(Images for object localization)
==*==
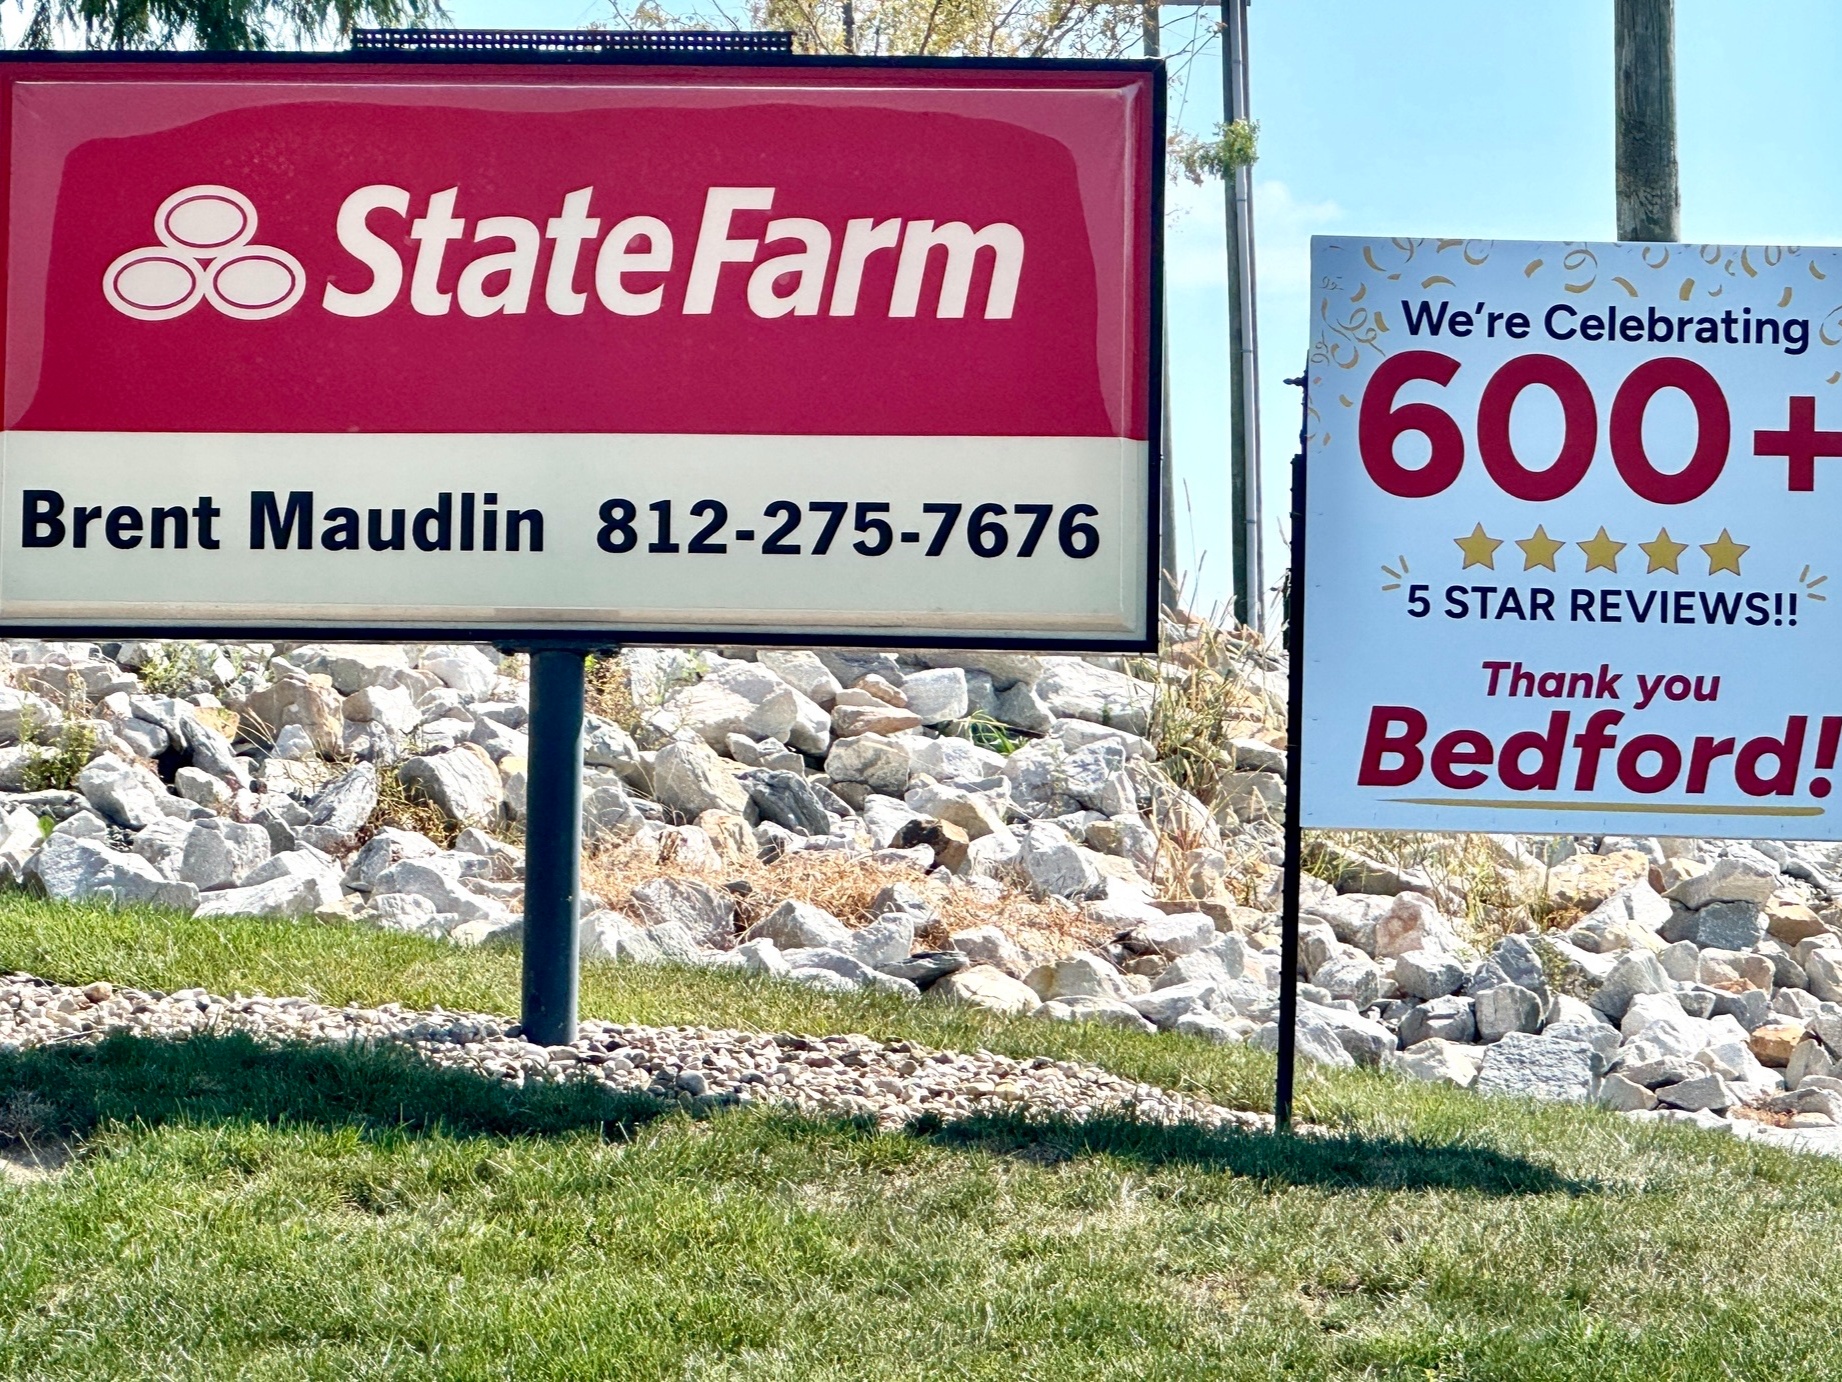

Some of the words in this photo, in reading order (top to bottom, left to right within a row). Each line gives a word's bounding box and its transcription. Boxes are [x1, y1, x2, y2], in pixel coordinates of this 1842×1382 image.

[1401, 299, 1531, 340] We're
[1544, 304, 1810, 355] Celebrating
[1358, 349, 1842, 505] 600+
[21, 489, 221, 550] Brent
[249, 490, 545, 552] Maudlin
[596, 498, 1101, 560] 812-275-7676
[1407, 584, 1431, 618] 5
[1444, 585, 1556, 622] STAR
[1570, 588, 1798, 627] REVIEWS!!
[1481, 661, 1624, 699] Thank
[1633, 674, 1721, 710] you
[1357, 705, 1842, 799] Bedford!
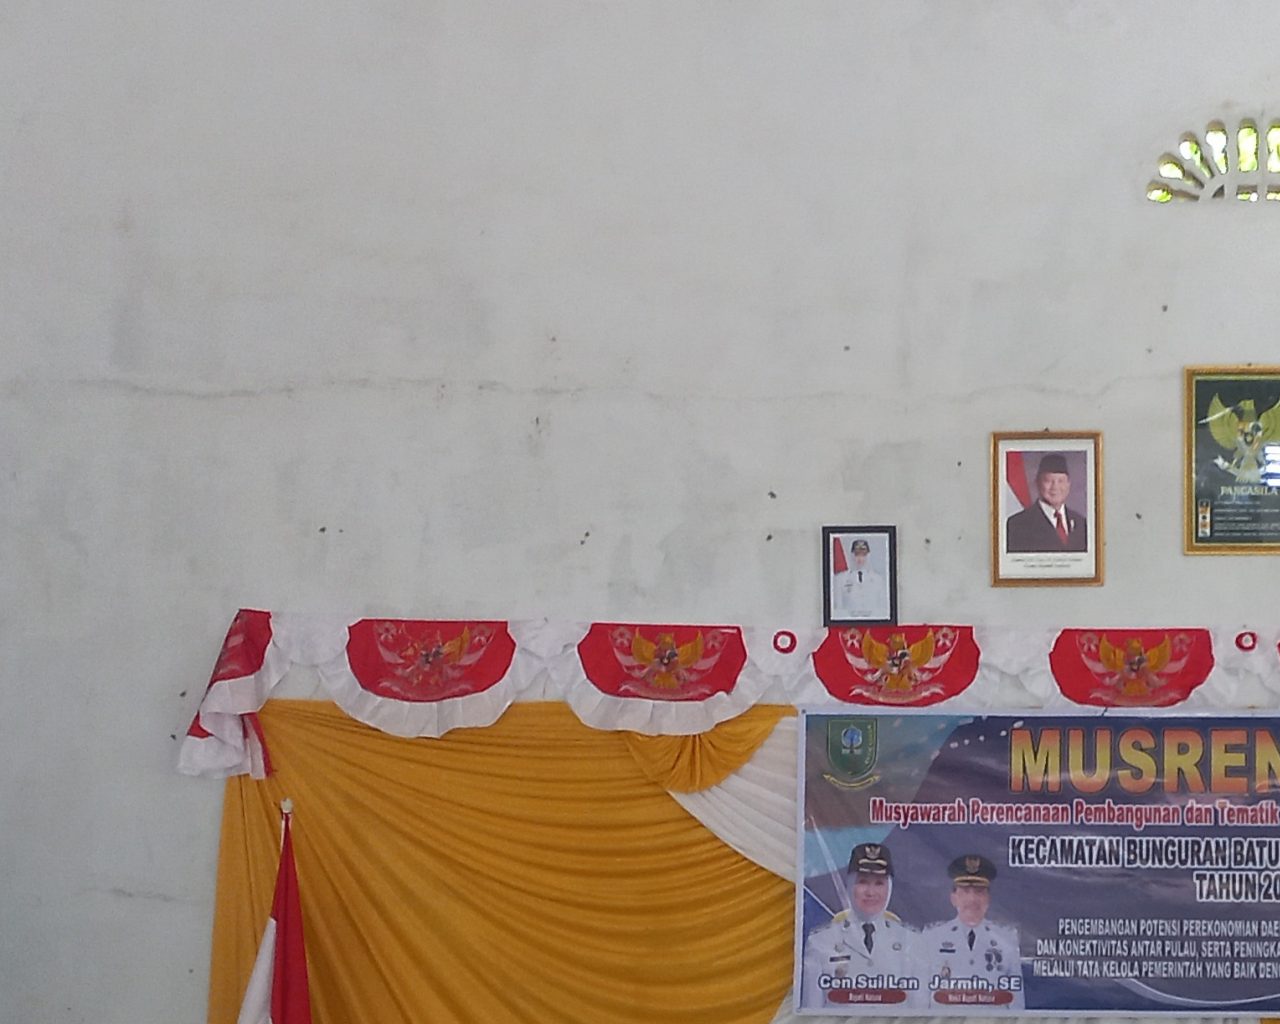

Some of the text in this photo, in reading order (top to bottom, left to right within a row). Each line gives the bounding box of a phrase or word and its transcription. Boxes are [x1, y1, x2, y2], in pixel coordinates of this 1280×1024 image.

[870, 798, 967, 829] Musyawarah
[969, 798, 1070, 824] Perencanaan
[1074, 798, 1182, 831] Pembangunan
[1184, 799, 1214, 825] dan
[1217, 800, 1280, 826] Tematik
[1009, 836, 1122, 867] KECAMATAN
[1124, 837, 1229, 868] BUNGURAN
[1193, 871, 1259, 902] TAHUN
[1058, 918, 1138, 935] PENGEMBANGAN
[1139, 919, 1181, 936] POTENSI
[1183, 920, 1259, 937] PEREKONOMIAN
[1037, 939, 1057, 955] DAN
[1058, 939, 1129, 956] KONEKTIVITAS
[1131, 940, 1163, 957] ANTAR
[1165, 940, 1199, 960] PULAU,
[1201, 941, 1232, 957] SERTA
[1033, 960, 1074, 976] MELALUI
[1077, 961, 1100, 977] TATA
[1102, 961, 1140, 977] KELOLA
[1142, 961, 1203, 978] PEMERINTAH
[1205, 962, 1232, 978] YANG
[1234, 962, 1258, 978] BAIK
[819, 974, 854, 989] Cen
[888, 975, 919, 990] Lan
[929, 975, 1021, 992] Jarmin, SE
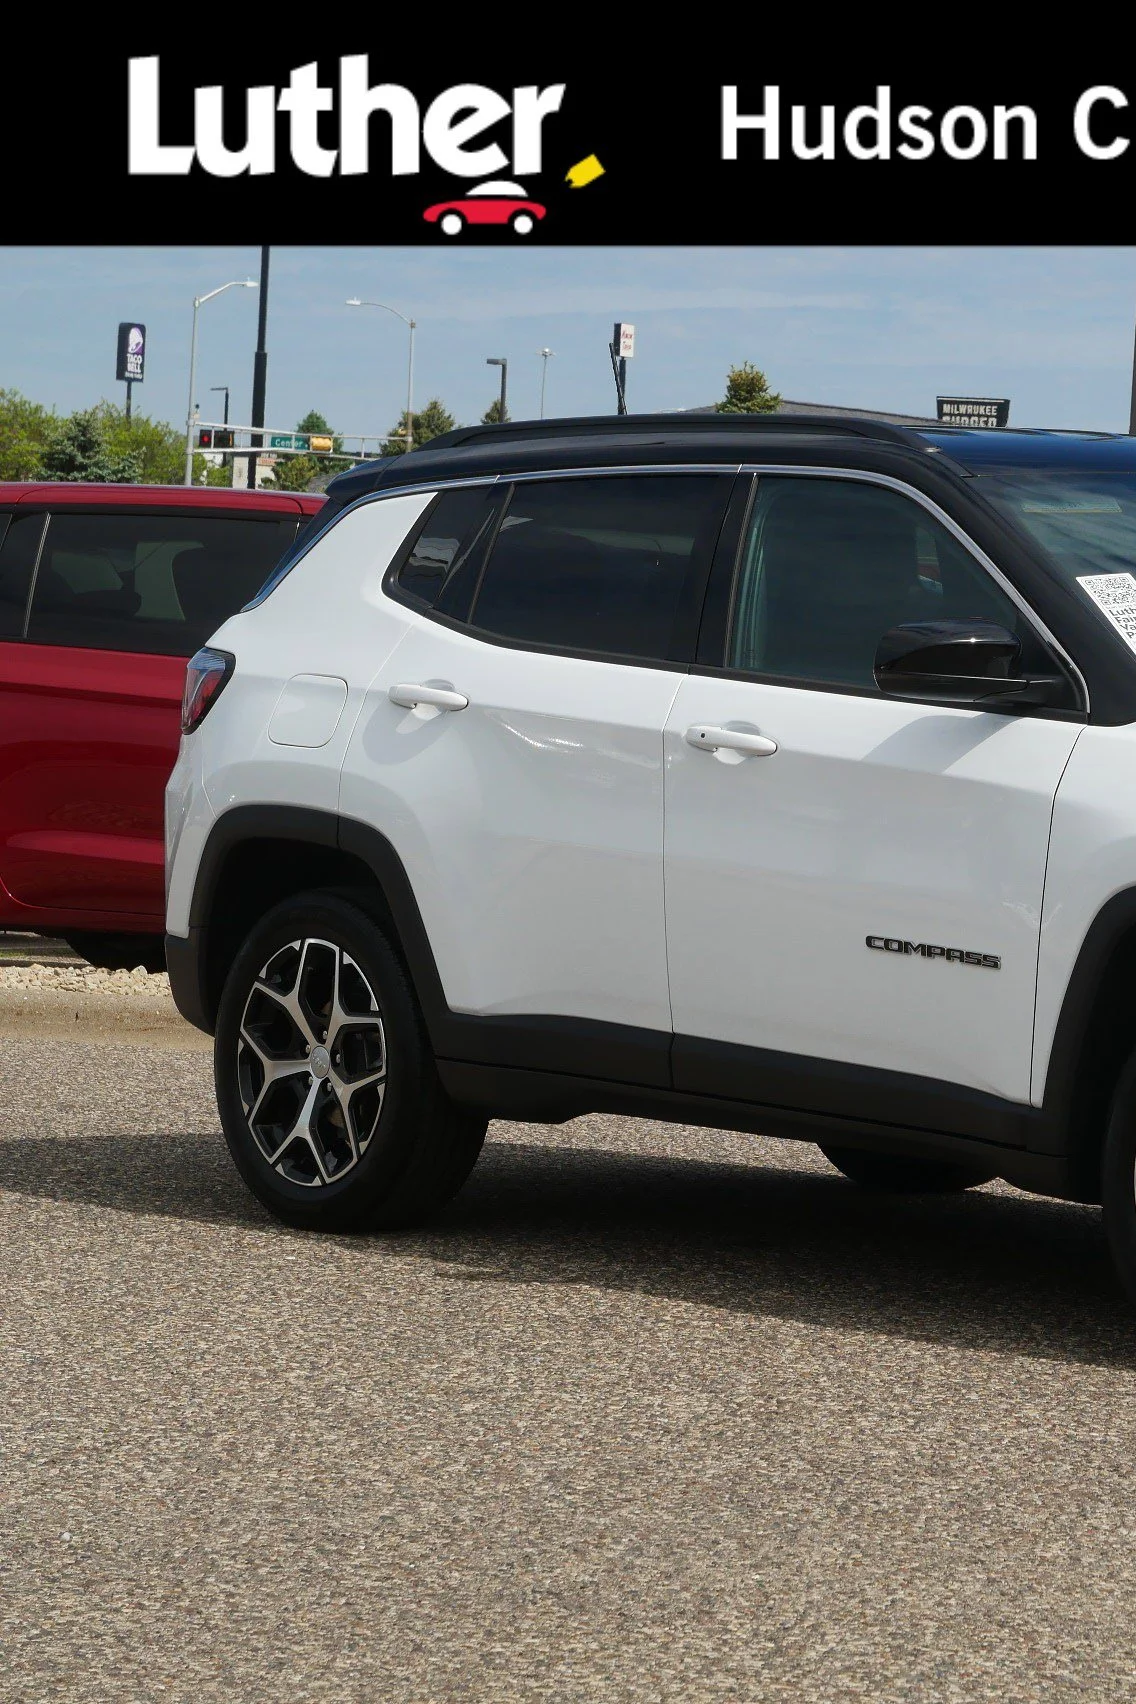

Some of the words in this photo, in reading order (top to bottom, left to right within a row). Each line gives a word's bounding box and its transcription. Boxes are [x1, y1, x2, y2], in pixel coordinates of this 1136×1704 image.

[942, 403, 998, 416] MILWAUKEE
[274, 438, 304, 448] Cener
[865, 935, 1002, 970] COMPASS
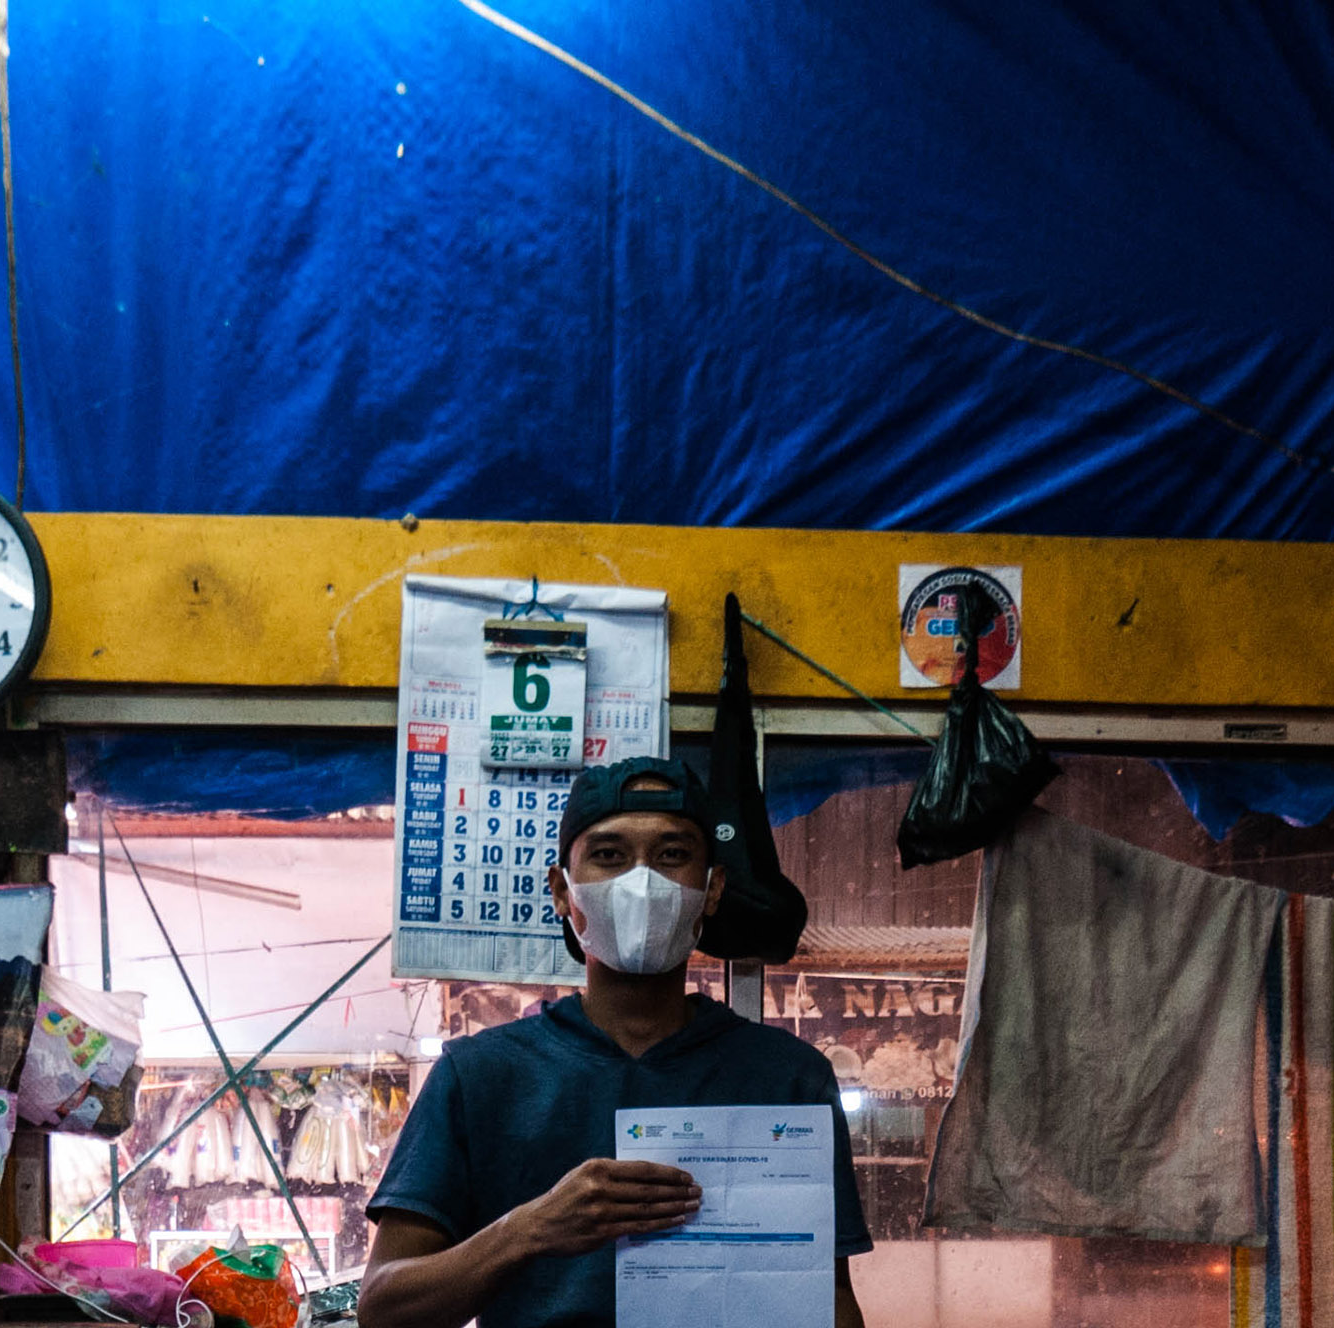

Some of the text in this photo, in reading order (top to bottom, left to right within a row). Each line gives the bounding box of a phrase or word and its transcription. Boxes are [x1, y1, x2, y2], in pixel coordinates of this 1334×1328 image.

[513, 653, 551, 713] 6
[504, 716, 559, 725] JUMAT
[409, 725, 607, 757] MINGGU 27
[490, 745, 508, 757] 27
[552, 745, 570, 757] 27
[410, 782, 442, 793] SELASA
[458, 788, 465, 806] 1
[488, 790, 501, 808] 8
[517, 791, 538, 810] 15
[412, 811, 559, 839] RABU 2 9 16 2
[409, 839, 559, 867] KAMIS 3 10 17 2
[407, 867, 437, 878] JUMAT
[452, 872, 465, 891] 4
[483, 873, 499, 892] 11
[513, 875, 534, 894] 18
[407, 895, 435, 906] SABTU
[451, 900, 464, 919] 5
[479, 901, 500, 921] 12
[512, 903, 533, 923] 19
==*==
Omitting all pictures, reproduce the records above in their entirety.

| Answer section |
Some of the words in this photo, in reading order (top to bottom, left to right within a row). Each line gives a word's bounding box and its transcription. Boxes are [x1, y1, x2, y2], in pixel coordinates of this 1842×1382 image.

[1401, 299, 1531, 340] We're
[1544, 304, 1810, 355] Celebrating
[1358, 349, 1842, 505] 600+
[21, 489, 221, 550] Brent
[249, 490, 545, 552] Maudlin
[596, 498, 1101, 560] 812-275-7676
[1407, 584, 1431, 618] 5
[1444, 585, 1556, 622] STAR
[1570, 588, 1798, 627] REVIEWS!!
[1481, 661, 1624, 699] Thank
[1633, 674, 1721, 710] you
[1357, 705, 1842, 799] Bedford!

Some of the text in this photo, in reading order (top to bottom, left to right within a row). Each line gives the bounding box of a phrase or word and its transcription. Boxes are [x1, y1, x2, y2], in pixel coordinates of this 1280×1024 image.

[870, 798, 967, 829] Musyawarah
[969, 798, 1070, 824] Perencanaan
[1074, 798, 1182, 831] Pembangunan
[1184, 799, 1214, 825] dan
[1217, 800, 1280, 826] Tematik
[1009, 836, 1122, 867] KECAMATAN
[1124, 837, 1229, 868] BUNGURAN
[1193, 871, 1259, 902] TAHUN
[1058, 918, 1138, 935] PENGEMBANGAN
[1139, 919, 1181, 936] POTENSI
[1183, 920, 1259, 937] PEREKONOMIAN
[1037, 939, 1057, 955] DAN
[1058, 939, 1129, 956] KONEKTIVITAS
[1131, 940, 1163, 957] ANTAR
[1165, 940, 1199, 960] PULAU,
[1201, 941, 1232, 957] SERTA
[1033, 960, 1074, 976] MELALUI
[1077, 961, 1100, 977] TATA
[1102, 961, 1140, 977] KELOLA
[1142, 961, 1203, 978] PEMERINTAH
[1205, 962, 1232, 978] YANG
[1234, 962, 1258, 978] BAIK
[819, 974, 854, 989] Cen
[888, 975, 919, 990] Lan
[929, 975, 1021, 992] Jarmin, SE

Some of the words in this photo, in reading order (top to bottom, left to right within a row). Each line gives a word's bounding box and its transcription. Boxes are [x1, y1, x2, y2], in pixel coordinates of this 1136×1704 image.

[942, 403, 998, 416] MILWAUKEE
[274, 438, 304, 448] Cener
[865, 935, 1002, 970] COMPASS

Some of the text in this photo, in reading order (top to bottom, left to right within a row). Each line gives the bounding box of a phrase or word and its transcription. Boxes are [x1, y1, x2, y2], in pixel coordinates of this 1334×1328 image.

[513, 653, 551, 713] 6
[504, 716, 559, 725] JUMAT
[409, 725, 607, 757] MINGGU 27
[490, 745, 508, 757] 27
[552, 745, 570, 757] 27
[410, 782, 442, 793] SELASA
[458, 788, 465, 806] 1
[488, 790, 501, 808] 8
[517, 791, 538, 810] 15
[412, 811, 559, 839] RABU 2 9 16 2
[409, 839, 559, 867] KAMIS 3 10 17 2
[407, 867, 437, 878] JUMAT
[452, 872, 465, 891] 4
[483, 873, 499, 892] 11
[513, 875, 534, 894] 18
[407, 895, 435, 906] SABTU
[451, 900, 464, 919] 5
[479, 901, 500, 921] 12
[512, 903, 533, 923] 19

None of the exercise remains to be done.